Subrogation and How It Affects You
Subrogation is a term that's understood in legal and insurance circles but often not by the people they represent. If this term has come up when dealing with your insurance agent or a legal proceeding, it would be to your advantage to understand the steps of how it works. The more you know, the more likely it is that relevant proceedings will work out favorably.
An insurance policy you have is a commitment that, if something bad happens to you, the insurer of the policy will make good without unreasonable delay. If your vehicle is hit, insurance adjusters (and the courts, when necessary) decide who was at fault and that person's insurance pays out.
But since ascertaining who is financially responsible for services or repairs is often a time-consuming affair – and delay in some cases compounds the damage to the victim – insurance companies usually decide to pay up front and figure out the blame afterward. They then need a mechanism to recoup the costs if, when all the facts are laid out, they weren't actually responsible for the expense.
For Example
You arrive at the emergency room with a deeply cut finger. You hand the receptionist your health insurance card and she takes down your coverage information. You get stitches and your insurer is billed for the services. But the next afternoon, when you clock in at work – where the injury occurred – you are given workers compensation forms to turn in. Your workers comp policy is actually responsible for the costs, not your health insurance. It has a vested interest in getting that money back somehow.
How Does Subrogation Work?
This is where subrogation comes in. It is the process that an insurance company uses to claim reimbursement when it pays out a claim that turned out not to be its responsibility. Some companies have in-house property damage lawyers and personal injury attorneys, or a department dedicated to subrogation; others contract with a law firm. Ordinarily, only you can sue for damages done to your person or property. But under subrogation law, your insurer is considered to have some of your rights for having taken care of the damages. It can go after the money that was originally due to you, because it has covered the amount already.
How Does This Affect the Insured?
For one thing, if your insurance policy stipulated a deductible, your insurer wasn't the only one that had to pay. In a $10,000 accident with a $1,000 deductible, you have a stake in the outcome as well – namely, $1,000. If your insurance company is timid on any subrogation case it might not win, it might opt to get back its losses by upping your premiums. On the other hand, if it has a proficient legal team and goes after those cases enthusiastically, it is acting both in its own interests and in yours. If all $10,000 is recovered, you will get your full $1,000 deductible back. If it recovers half (for instance, in a case where you are found 50 percent accountable), you'll typically get $500 back, depending on the laws in your state.

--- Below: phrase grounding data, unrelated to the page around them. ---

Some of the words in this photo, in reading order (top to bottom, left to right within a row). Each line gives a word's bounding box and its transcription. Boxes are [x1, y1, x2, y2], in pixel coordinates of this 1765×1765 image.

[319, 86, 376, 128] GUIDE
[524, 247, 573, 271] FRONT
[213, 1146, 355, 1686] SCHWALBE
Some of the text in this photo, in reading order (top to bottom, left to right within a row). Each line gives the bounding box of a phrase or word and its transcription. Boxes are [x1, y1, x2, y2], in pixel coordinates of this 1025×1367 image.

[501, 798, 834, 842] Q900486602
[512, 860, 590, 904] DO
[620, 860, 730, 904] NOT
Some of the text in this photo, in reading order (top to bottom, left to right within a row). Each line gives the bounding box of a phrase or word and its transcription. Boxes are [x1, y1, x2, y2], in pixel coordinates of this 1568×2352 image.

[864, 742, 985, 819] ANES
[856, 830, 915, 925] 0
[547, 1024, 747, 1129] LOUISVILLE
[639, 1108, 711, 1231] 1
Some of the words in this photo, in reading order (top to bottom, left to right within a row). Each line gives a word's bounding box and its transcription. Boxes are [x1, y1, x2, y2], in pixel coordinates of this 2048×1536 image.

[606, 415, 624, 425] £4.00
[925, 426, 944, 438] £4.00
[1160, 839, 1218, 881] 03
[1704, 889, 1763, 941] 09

Additionally, if the total expense of an accident is more than your maximum coverage amount, you may have had to pay the difference. If your insurance company or its property damage lawyers, such as auto accident attorneys Columbus GA, successfully press a subrogation case, it will recover your costs in addition to its own.
All insurers are not created equal. When comparing, it's worth scrutinizing the records of competing firms to evaluate if they pursue valid subrogation claims; if they resolve those claims without dragging their feet; if they keep their customers informed as the case proceeds; and if they then process successfully won reimbursements quickly so that you can get your funding back and move on with your life. If, on the other hand, an insurance agency has a record of paying out claims that aren't its responsibility and then covering its bottom line by raising your premiums, you should keep looking.